How to Calculate Working Capital Turnover Ratio
What is the Working Capital Turnover Ratio?
The Working Capital Turnover Ratio indicates how effective a company is at using its working capital. In other words, it displays the relationship between the funds used to finance the company’s operations and the revenues the company generates as a result.
How to Calculate the Working Capital Turnover Ratio?
The Working Capital Turnover Ratio is calculated by dividing the company’s net annual sales by its average working capital.
Working Capital is calculated by subtracting total liabilities for total assets.
What Does It Tell You?
Calculating Working Capital Turnover Ratio provides a clear indication of how hard you are putting your available capital to work in order to help your company succeed. The more sales you bring in per dollar of working capital deployed, the better. Therefore, a high turnover ratio indicates management is being very efficient in using its short-term assets and liabilities to support sales.
A low ratio indicates your business may be investing in too many accounts receivable and inventory to support its sales.

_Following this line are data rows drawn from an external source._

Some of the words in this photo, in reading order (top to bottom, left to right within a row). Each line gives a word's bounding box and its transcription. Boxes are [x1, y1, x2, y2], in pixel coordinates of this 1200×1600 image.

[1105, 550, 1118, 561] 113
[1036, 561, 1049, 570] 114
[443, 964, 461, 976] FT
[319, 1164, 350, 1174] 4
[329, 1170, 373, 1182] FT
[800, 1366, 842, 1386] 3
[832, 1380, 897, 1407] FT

This could lead to an excessive amount of bad debts or obsolete inventory.
The best way to use Working Capital Turnover Ratio is to track how the ratio has been changing over time and to compare it to other companies in the same industry. Doing so shows how you compare against your competitors and will push you to design more efficient uses for your working capital.
Pros & Cons of High Working Capital Turnover
- Shows your company is running smoothly.
- Indicates there is limited need for additional funding.
- May give your company a competitive edge over thee competition.
- An extremely high ratio (80%+) indicates your company does not have enough capital to support its sales growth.
- The company could become insolvent in the near future.
Acquiring Working Capital with Alternative Financing
Many growing companies are looking to alternative financing structures as a more flexible way to access the working capital they need while minimizing equity dilution.
Revenue-Based Financing provides company with working capital in exchange for a percentage of future monthly revenue. You can monitor the Working Capital Turnover Ratio to make sure you are optimizing use of the working capital.
Venture Debt is a financing structure similar to that of a traditional bank loan. It requires fixed monthly interest payments and is used by companies experiencing rapid growth.